A mental health emergency and a drug epidemic.
Those are the two ongoing American crises that have collided across Appalachia over the last two decades to create a social catastrophe that’s broken families, caused thousands of overdoses and OD deaths, and resulted in the highest homeless percentages the region’s residents have ever witnessed.
And that’s included Wheeling, W.Va., since non-profit Youth Services System opened a “winter freeze shelter” in 2008 on the top floor of its headquarters in East Wheeling. In 2020, YSS moved the shelter to the shuttered Hillcrest facility on the former medical campus in Center Wheeling until the non-profit had to move in 2023 to the Catholic Charities ballroom along Main Street.

Since LIFE HUB WV was founded in 2023, a new shelter opened at the First English Lutheran Church in dowtown, and after Wheeling Council approved a camping ban on public property in November 2023, an exempted camp was permitted two years ago on city-owned property near Peninsula Street.
That encampment, however, was closed on December 1st, and Council appropriated $75,000 from its opioid settlement funds for a 30-bed, low-barrier female shelter at the Salvation Army on 16th Street. Since the opening, the need for additional beds has not been communicated to city officials, and LIFE HUB WV has posted on its Facebook page several times in December about available accommodations at both facilities.

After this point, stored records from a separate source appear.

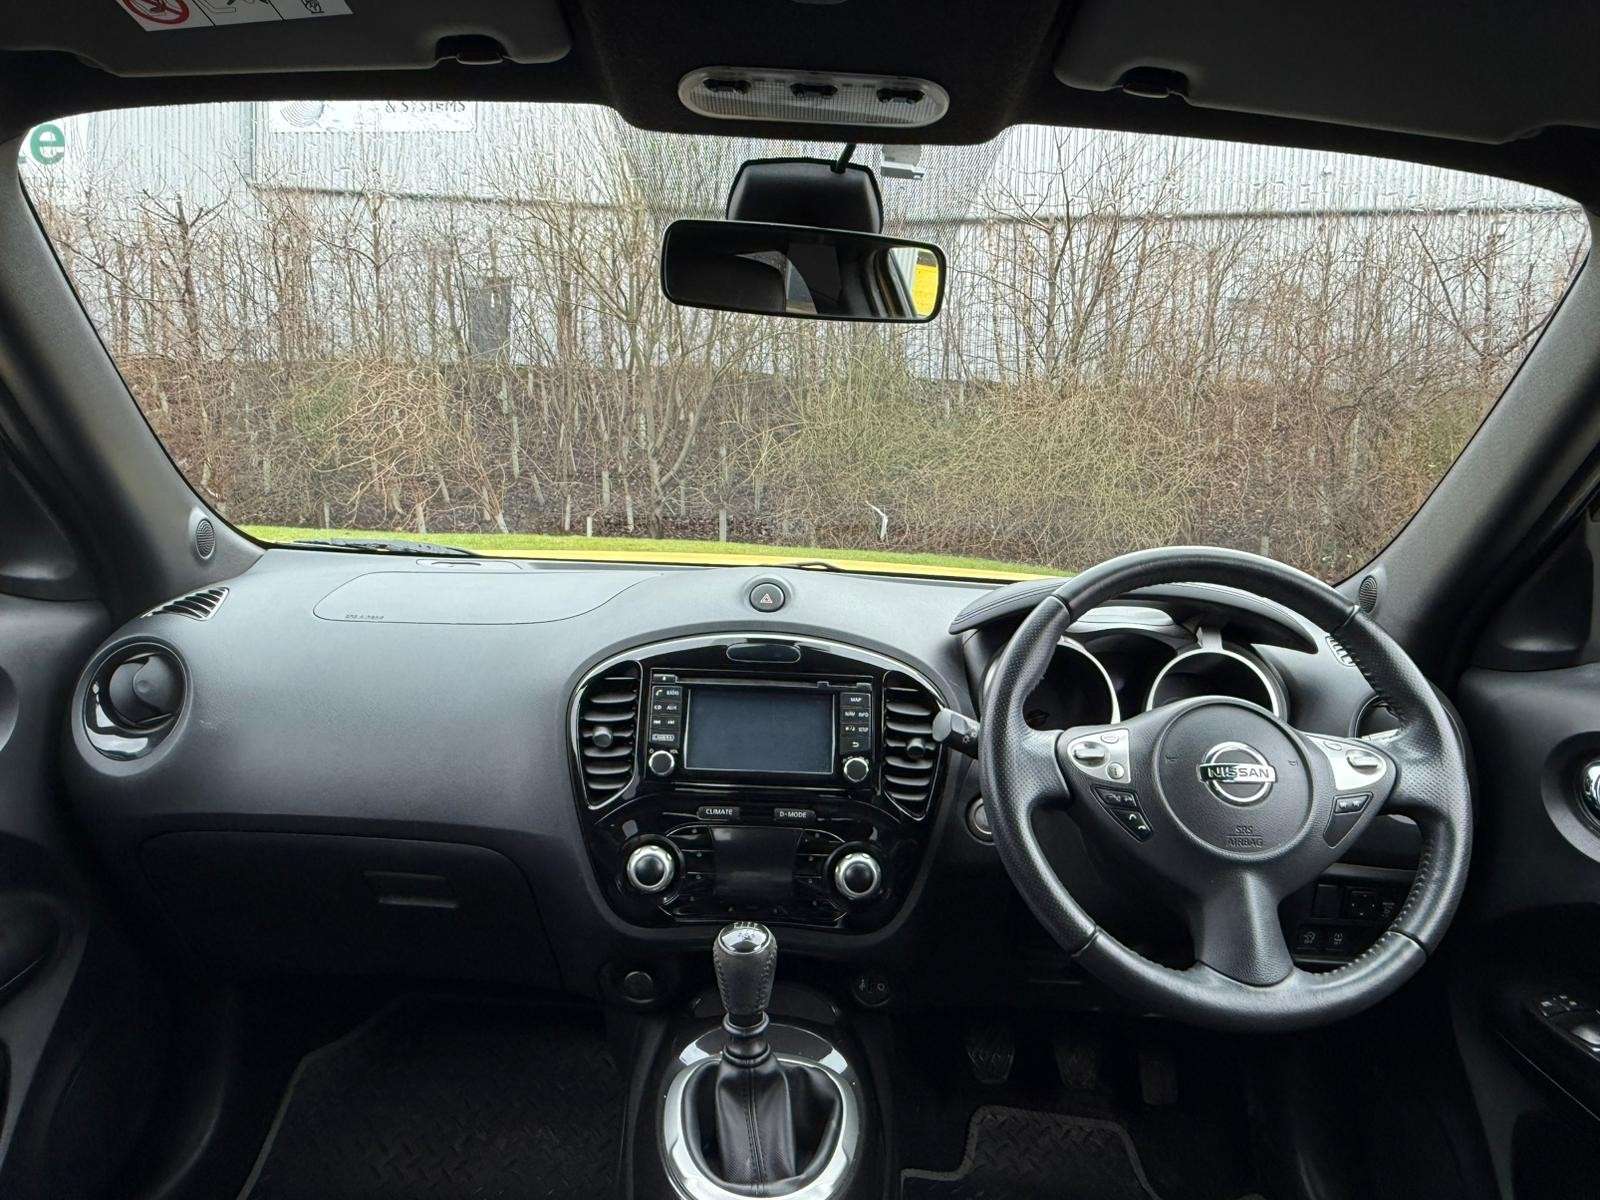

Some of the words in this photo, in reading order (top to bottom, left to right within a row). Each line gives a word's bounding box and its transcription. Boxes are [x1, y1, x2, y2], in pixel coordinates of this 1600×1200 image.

[18, 124, 65, 166] e
[1207, 766, 1270, 779] NISSAN
[1234, 825, 1255, 835] SRS
[1225, 837, 1264, 848] AIRBAG
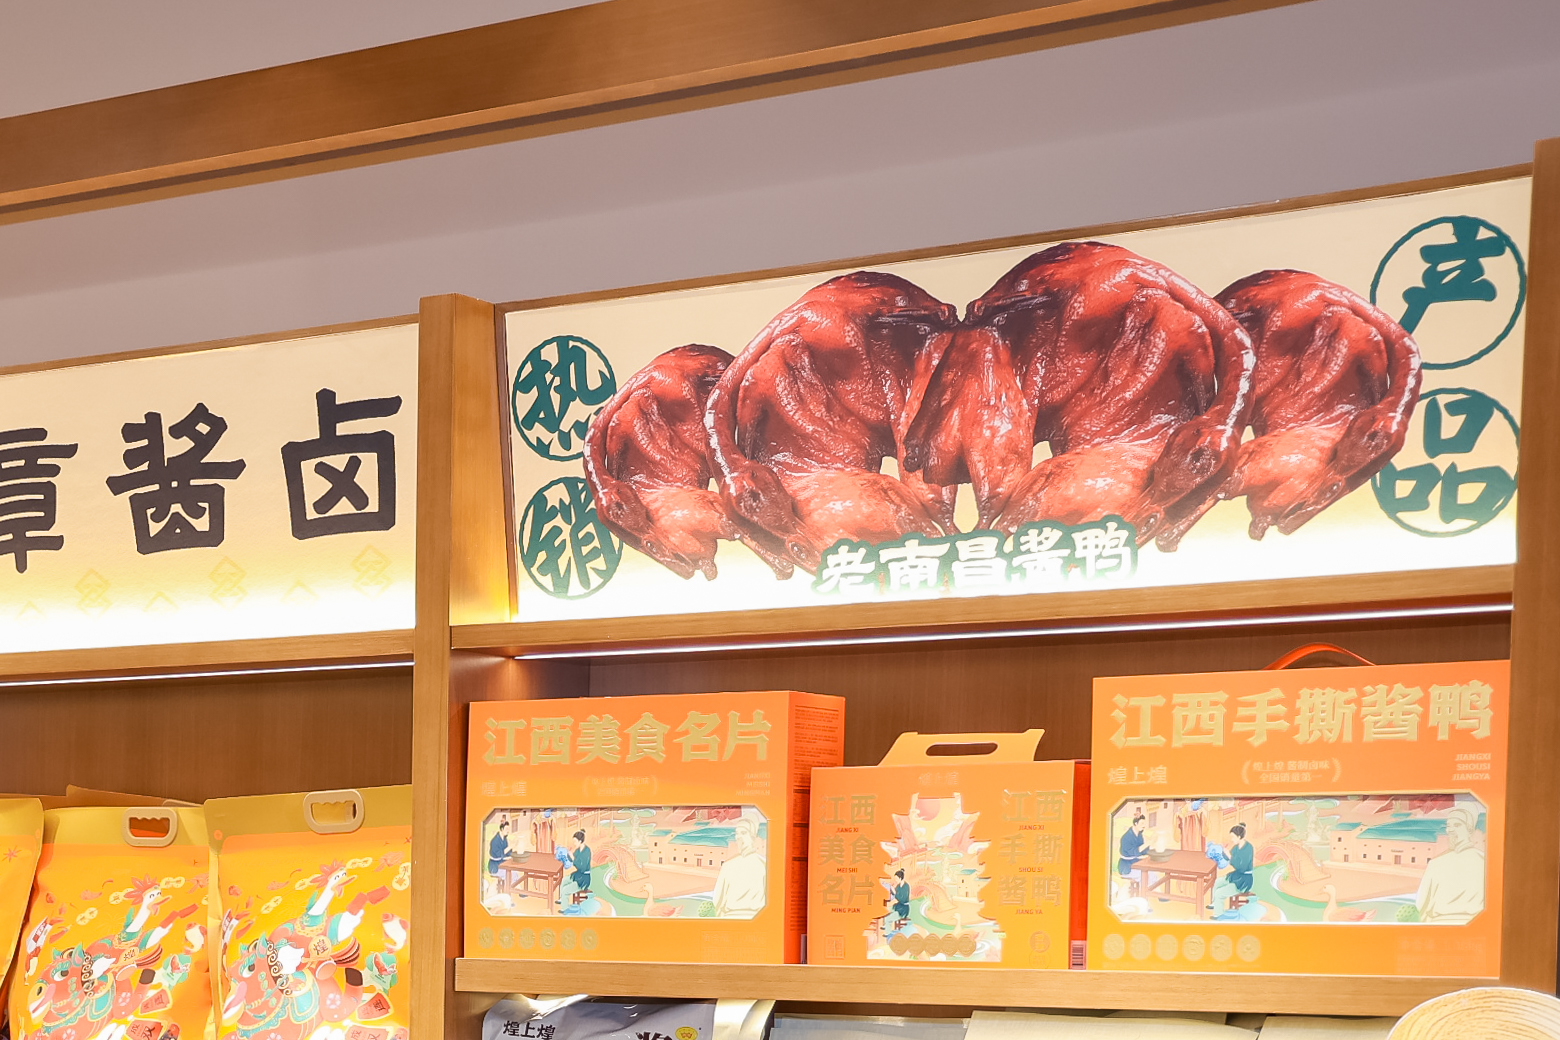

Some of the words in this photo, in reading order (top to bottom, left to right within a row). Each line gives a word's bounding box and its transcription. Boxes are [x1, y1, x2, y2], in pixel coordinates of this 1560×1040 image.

[817, 522, 1133, 594] 老南昌酱鸭
[1109, 679, 1494, 750] 江西手撕酱鸭
[483, 709, 772, 766] 江西美食名片
[1107, 765, 1168, 785] 煌上煌
[820, 794, 877, 825] 江西
[1002, 789, 1066, 822] 江西
[819, 834, 876, 865] 美食
[997, 833, 1063, 865] 手撕
[820, 875, 875, 906] 名片
[997, 875, 1063, 907] 酱鸭
[313, 938, 328, 956] 煌
[503, 1020, 556, 1040] 煌上煌

The City’s reasons for closing the encampment included safety, public concern, unsanitary conditions, and alleged criminal activity, and the cost for the cleanup and decontamination, according to city officials, exceeded $41,000.
City officials, including council member Ben Seidler and Mayor Denny Magruder, have repeated several times that they do not plan to create a new exempted area, and that the camping ban on public property will remain in place, and enforcement will take place when necessary.